È, ormai, evidente che il Movimento di D’Alema e Bersani intende candidarsi alle elezioni politiche in assenza di un’alleanza, almeno dichiarata, con il PD di Renzi, perché molto probabilmente ritiene di poter prendere molti più voti, se corre in posizione di beata solitudine, salvo poi rientrare nei giochi parlamentari all’indomani del voto popolare.
Ragionamento diverso fa Pisapia, il quale sa bene che deve prendere il consenso di quegli Italiani che si riconoscono in una Sinistra diversa da quella renziana, ma al tempo stesso avverte l’esigenza di non rompere alcun accordo pre-elettorale con il PD, anche perché potrebbe, in sintonia con i vertici di Largo Nazareno, dare vita ad un listone unico, nel quale sarebbero presenti sia i suoi candidati, che quelli renziani.
È ovvio, dunque, che le due strategie siano ben diverse fra loro, se non rigorosamente alternative.

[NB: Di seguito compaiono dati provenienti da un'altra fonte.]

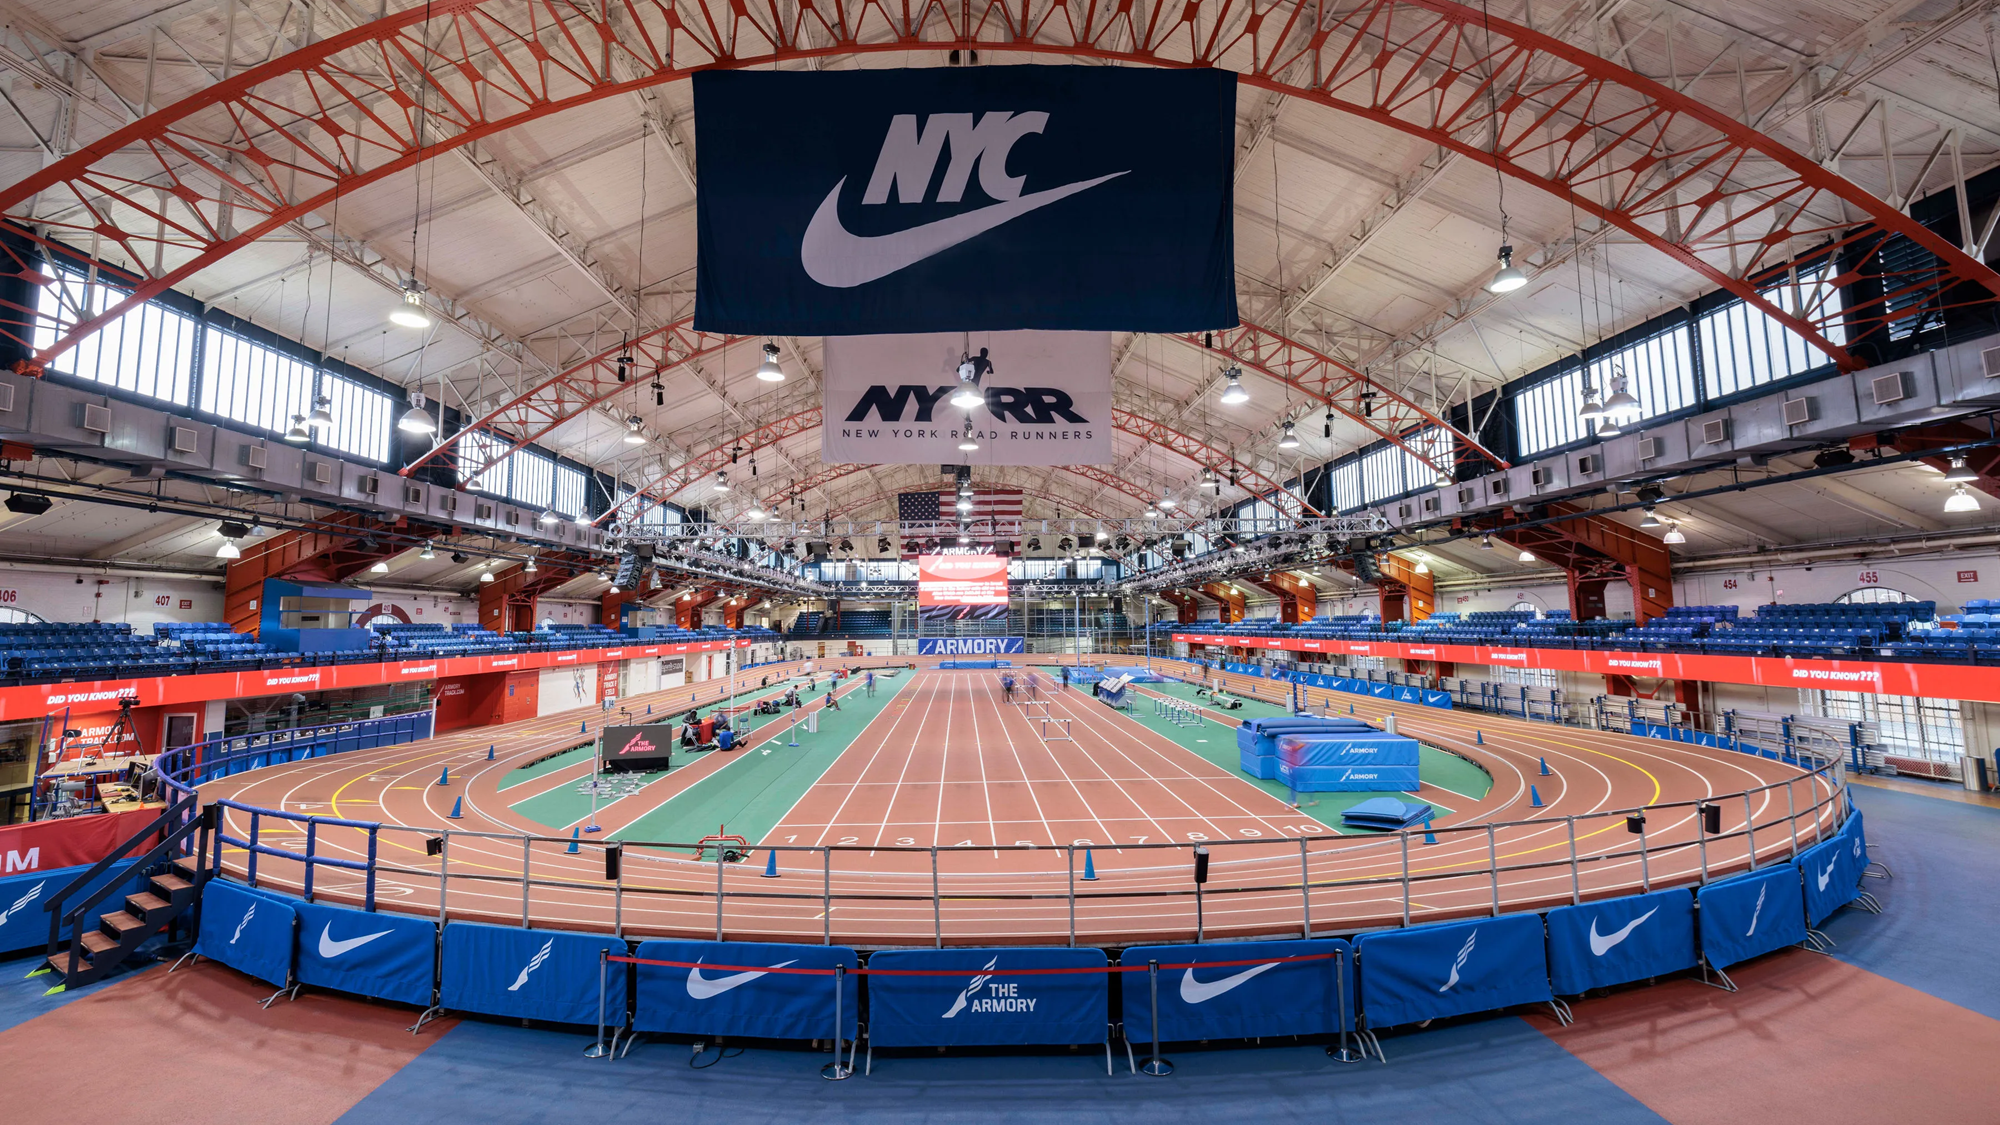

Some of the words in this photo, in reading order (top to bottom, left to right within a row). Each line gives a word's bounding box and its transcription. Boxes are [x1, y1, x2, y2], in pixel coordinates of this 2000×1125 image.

[862, 111, 1050, 204] NYC
[844, 385, 1090, 424] NYRR
[842, 429, 879, 438] NEW
[892, 429, 938, 438] YORK
[1010, 430, 1093, 441] RUNNERS
[1723, 579, 1738, 589] 454
[1859, 572, 1879, 584] 455
[155, 595, 170, 606] 407
[934, 638, 1008, 654] ARMORY
[1792, 669, 1809, 677] DID
[1809, 670, 1829, 679] YOU
[1830, 671, 1880, 682] KNOW???
[46, 695, 66, 704] DID
[67, 693, 88, 703] YOU
[88, 688, 135, 701] KNOW???
[1239, 828, 1262, 837] 9
[1283, 824, 1323, 834] 10
[784, 834, 798, 844] 1
[837, 836, 860, 845] 2
[895, 837, 916, 846] 3
[1186, 832, 1209, 841] 8
[988, 983, 1018, 997] THE
[971, 998, 1037, 1013] ARMORY

Correre con Renzi o lontano dal PD non sono opzioni da poco, anche perché, da queste scelte, discendono poi conseguenze a livello locale, dove in particolare il personale politico del Movimento dalemiano deve decidere se essere o meno alleato dei Sindaci e dei Governatori renziani.
Peraltro, la nuova ipotesi di legge elettorale prevede un numero più alto di parlamentari nominati ed, in particolare, fissa una soglia di sbarramento che deve interrogare Pisapia, visto che il 3% non sarebbe un limite facilmente raggiungibile, qualora la pubblica opinione nazionale dovesse decidere di voltare le spalle al Centro-Sinistra tout court.
Certo è che l’indecisione non può durare a lungo: entro qualche settimana, Pisapia deve sciogliere il nodo di Gordio e posizionarsi accanto o contro Renzi.
Frattanto, D’Alema, nel giro del Paese, non risparmia elogi alla tradizione socialista, ben conscio che il suo Movimento, pur essendo alla Sinistra del Pd, non deve contrassegnarsi come un partito estremista, ma può e deve andare alla ricerca delle ragioni più genuine del riformismo progressista.
Non è un caso se, in molte regioni, il personale politico di MDP è costituito da ex-socialisti o, comunque, da ambienti che non hanno mai ripudiato, in passato, il loro rapporto con il craxismo e con la stagione di riforme, volute dall’allora leader del Garofano.
Certo, dispiacerebbe poi scoprire che il tutto nasce, solo, da mero tatticismo, anche perché il Paese, da Renzi o da chiunque altro, attende delle risposte precise al disagio odierno e non può, invero, attardarsi in polemiche, che sarebbero forse gradite solo agli storici ed ai giornalisti, che devono scrivere la storia dell’Italia ai tempi della Prima, Seconda e - forse - Terza Repubblica, ormai nascente.